GOA: You can shut the press, jail the opposition, gag the courts, and turn India into a dictatorship in disguise. But there’s one thing you can’t suppress— India’s memory. It was past midnight on June 25, 1975, when India, the world’s largest democracy, slipped into a deep coma called The Emergency.
Without warning, without consultation, without conscience. It wasn’t declared by the people, nor their elected Parliament. It was declared by a Prime Minister who mistook herself for a monarch—Indira Gandhi. The Constitution was twisted into a tool of tyranny. The ink of democracy ran dry, and for 21 long months, the soul of India gasped for breath.

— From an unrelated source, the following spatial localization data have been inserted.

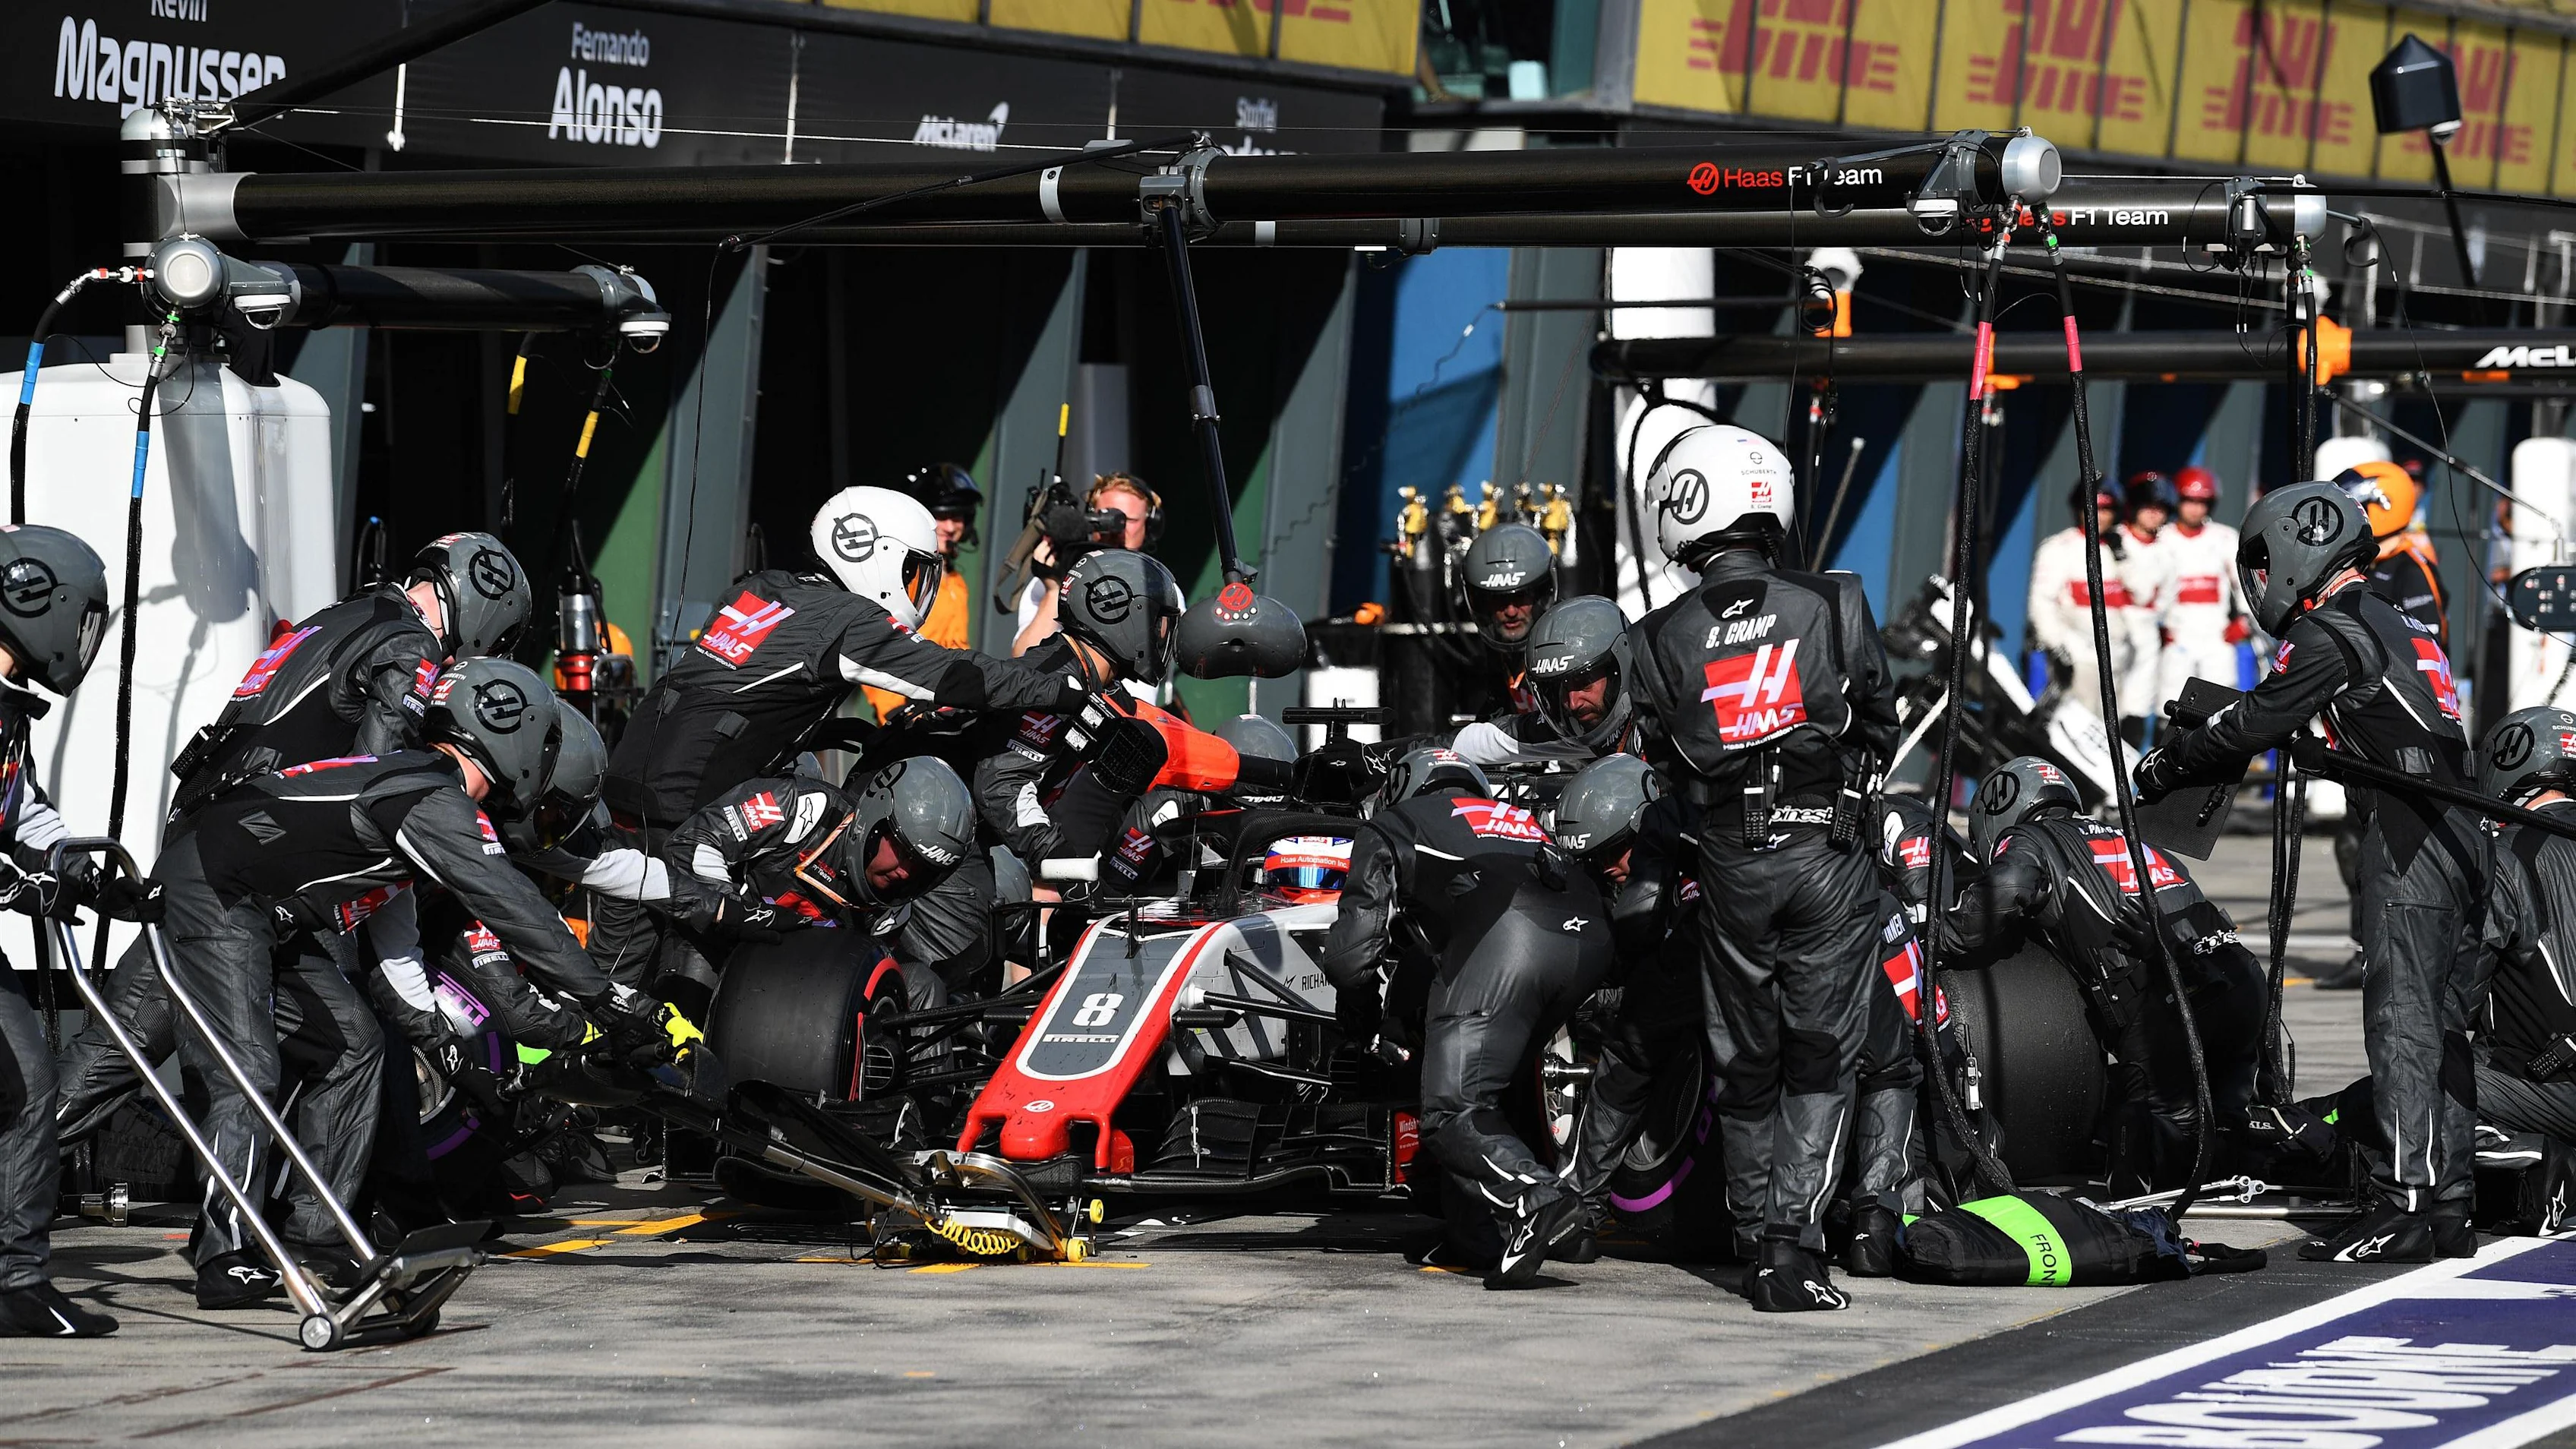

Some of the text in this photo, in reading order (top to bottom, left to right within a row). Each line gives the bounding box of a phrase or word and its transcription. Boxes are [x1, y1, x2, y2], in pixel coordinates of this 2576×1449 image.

[571, 21, 650, 68] Fernando
[548, 65, 663, 149] Alonso
[913, 102, 1009, 153] McLaren
[1724, 169, 1783, 188] Haas
[2071, 210, 2098, 226] F1
[2107, 209, 2168, 226] Team
[1480, 571, 1526, 588] HAAS
[1706, 614, 1777, 649] S. CRAMP
[703, 630, 754, 658] HAAS
[1531, 655, 1575, 674] HAAS
[1719, 702, 1804, 738] HAAS
[1019, 729, 1050, 744] HAAS
[1746, 725, 1793, 748] Automation
[1006, 738, 1046, 762] PIRELLI
[723, 805, 748, 842] PIRELLI
[1473, 819, 1547, 838] HAAS
[917, 843, 962, 867] HAAS
[1297, 857, 1337, 866] Automation
[471, 939, 501, 949] HAAS
[472, 951, 510, 970] PIRELLI
[1072, 993, 1124, 1026] 8
[1042, 1034, 1120, 1043] PIRELLI

Let’s rewind. In June 1975, the Allahabad High Court found Indira Gandhi guilty of electoral malpractices and invalidated her 1971 Lok Sabha win. Instead of resigning with grace and facing the people again, she chose to face them with batons, censorship, and coercion. She blamed a “threat to national security.” But the only real threat was to her own throne.
What followed was not emergency governance— it was emergency paranoia. She sought advice not from statesmen but from her son, Sanjay Gandhi, who turned into a miniature dictator with delusions of grandeur. An unelected, unaccountable young man wielding raw power with reckless arrogance. The Constitution’s Article 352 became a loaded gun. The first bullet hit the press—newspapers were censored, editors harassed, printing presses raided. Even cartoons weren’t spared. The Indian Express famously left its editorial column blank— an act of resistance louder than a thousand words. The second bullet hit political opposition.
Over 1,00,000 people were arrested under the draconian Maintenance of Internal Security Act (MISA). Leaders like Atal Bihari Vajpayee, L.K. Advani, George Fernandes, Jayaprakash Narayan—the conscience keepers of India—were jailed without trial. Parliament was reduced to a rubber stamp, the judiciary bent like a reed, and the Constitution was amended not to protect the people but to shield the Prime Minister.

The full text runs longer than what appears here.